PFB Smackdown: Why grant PolitiFact the presumption of neutrality?

The smackdown is actually courtesy of Eric Ostermeier, publisher of the study highlighted recently here at PolitiFact Bias and originally published at the University of Minnesota's Smart Politics blog.

Ostermeier sniffed out a criticism of his work at mnpACT! by progressive blogger Dave Mindeman.  After noting two of the central facts in Ostermeier's study, that PolitiFact rates about the same number of statements from Democrats as for Republicans and that Republicans get the worst ratings of the two, Mindeman offers his two cents:
Occam's razor. The GOP get the worst ratings because they make the worst statements.

Ostermeier concentrates on making Politifact defend their selection process, but overlooks the facts about the statements themselves. Could it be possible that the Republicans make more outrageous and indefensible assertions?

Politifact is certainly going to be drawn to statements that get the most attention and the more outrageous the statement, the more attention it gets.
Ostermeier promptly addressed the second paragraph by posting in the commentary section:
FYI: this very possibility was in fact addressed in my report:

"One could theoretically argue that one political party has made a disproportionately higher number of false claims than the other, and that this is subsequently reflected in the distribution of ratings on the PolitiFact site."
Mindeman (as DaveM) answered back:
Then why ask title your post with "selection bias"? It would seem that most of the data says there is none.
And Ostermeier responded again:
What data is that? You can't use the data I published from coding PolitiFact's stories itself (noting the site attributes more false statements to the GOP) as proof that the GOP lies more and thus there is de facto no selection bias. That's circular reasoning. Note: My report did not definitively prove there is such bias, but the data published shifts the burden, I would argue, to PolitiFact. And greater transparency in their selection methodology would shine a light on this very question.
Ostermeier is exactly right.  Mindeman apparently wants to entitle PolitiFact to the presumption of neutrality on the issue of selection bias.  But there simply isn't any basis for that presumption.  The presumption would follow if PolitiFact chose its stories at random.  Lacking that, the reader has no good reason to take PolitiFact as a neutral party minus the transparent methodology Ostermeier mentions at the conclusion of his second comment.

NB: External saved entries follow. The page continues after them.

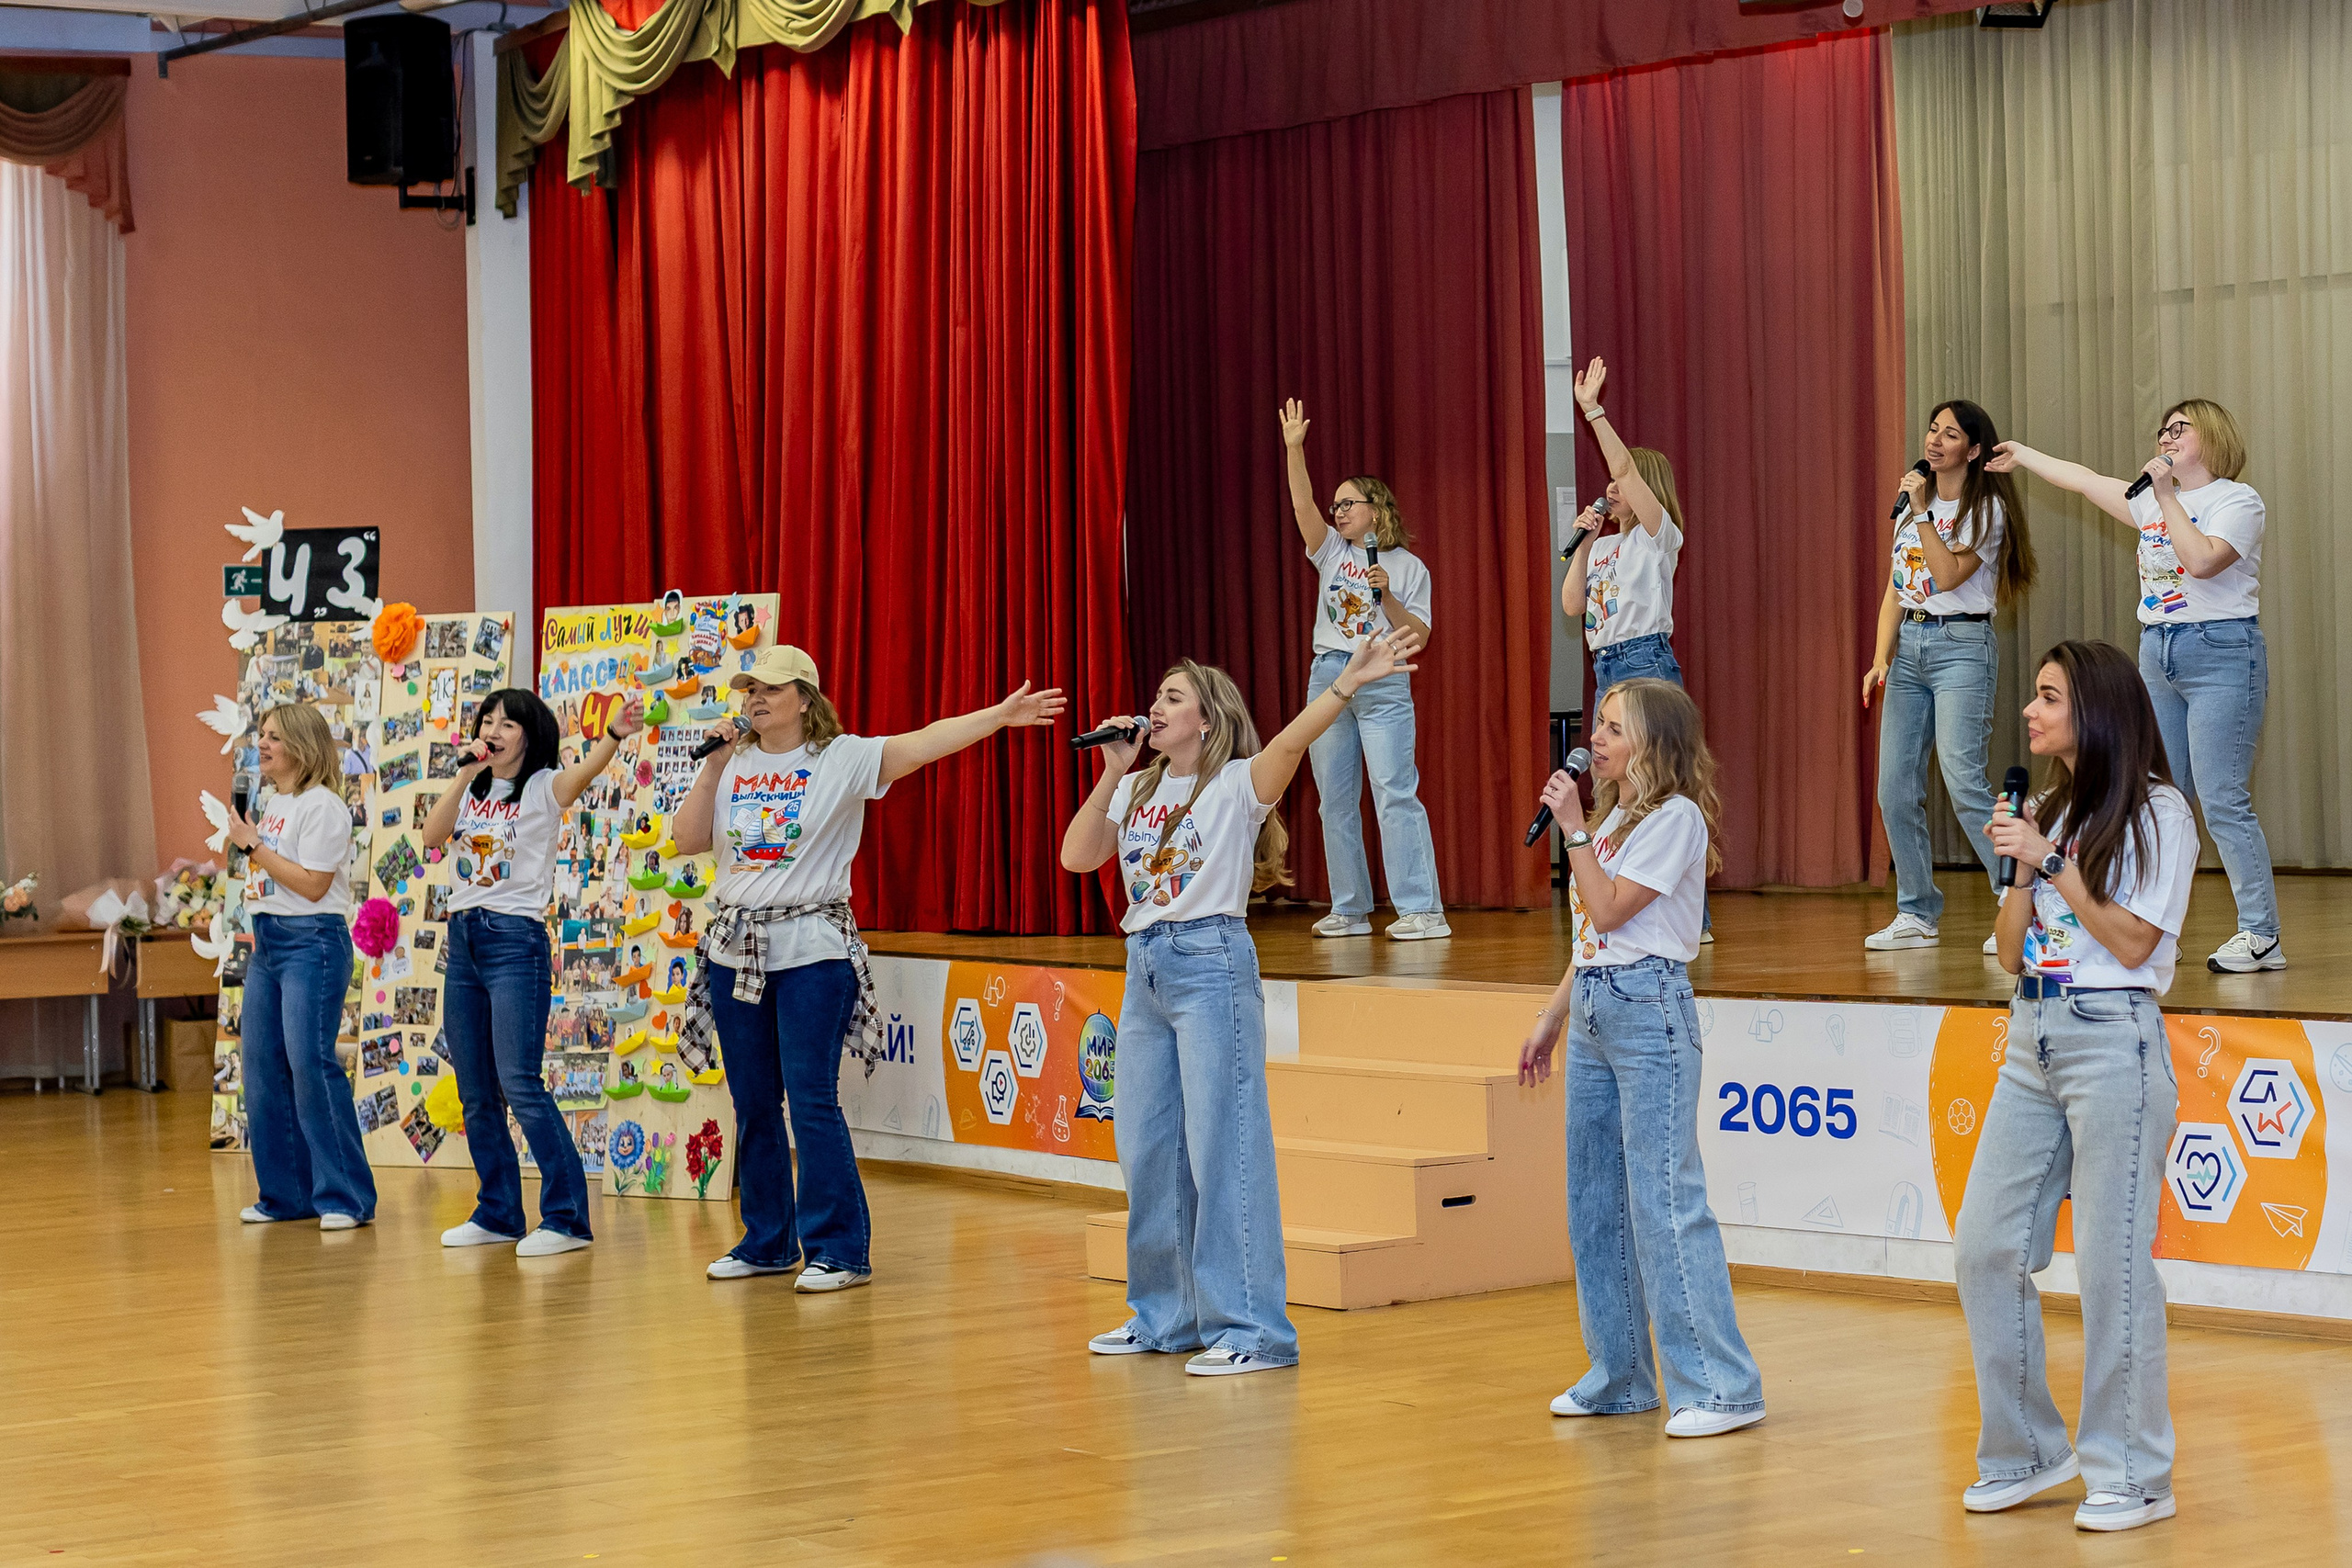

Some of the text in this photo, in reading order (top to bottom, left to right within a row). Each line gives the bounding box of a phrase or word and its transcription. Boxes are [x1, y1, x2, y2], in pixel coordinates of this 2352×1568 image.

[544, 616, 595, 651] Самый
[541, 660, 608, 700] КЛАСС
[733, 772, 808, 793] МАМА
[788, 802, 799, 812] 25
[1086, 1035, 1114, 1058] МИР
[1719, 1081, 1858, 1139] 2065

Mindeman has the last word on Ostermeier for the moment:
I fail to understand why Politifact has to "prove" anything. They examined political statements that interested them. Most reporters choose their own stories. If they do a good job of reporting the story, do they still have to prove that they have no inherent bias? Maybe I should assume you have an inherent conservative bias because your analysis deals with GOP favorable data?? But I don't, because I think you use the data in a broad enough sense that it tells something regardless of the outcome.
By this time Mindeman is offering some clues that he doesn't understand selection bias.  But the biggest problem in his analysis is actually his attempt to employ Occam's razor (aka the principle of parsimony) to disfavor Ostermeier's hypothesis that PolitiFact displays a selection bias favorable to Democrats.

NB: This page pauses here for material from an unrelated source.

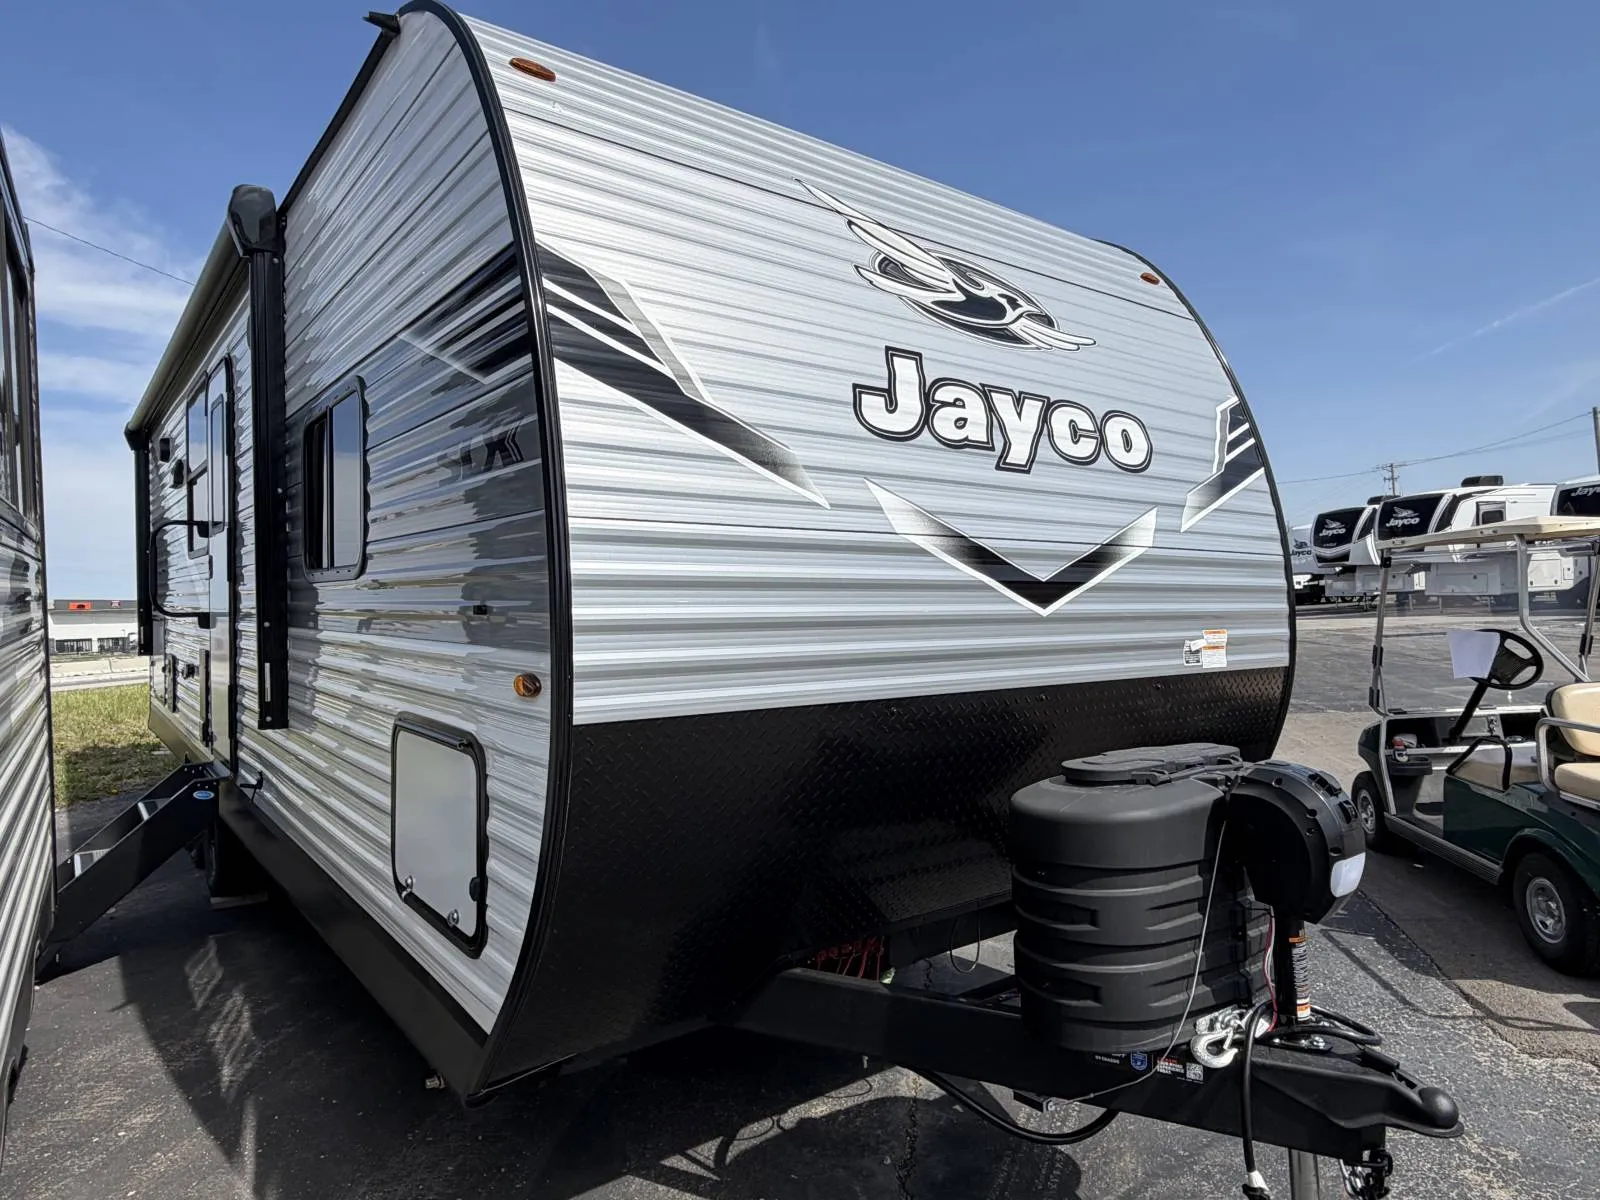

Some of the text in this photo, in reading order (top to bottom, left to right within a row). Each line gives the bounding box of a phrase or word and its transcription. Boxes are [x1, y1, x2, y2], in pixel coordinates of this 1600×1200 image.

Occam's razor favors simple explanations, and Mindeman seems to understand it that far.  But it isn't at all clear why he regards a pattern of lying among a large set of entities as a simpler explanation than political bias from a much smaller group of journalists.  Rather than using Occam's razor to legitimately favor a simpler explanation, Mindeman wields it more like a magic wand that produces a supernatural sphere of protection around the ideas he favors.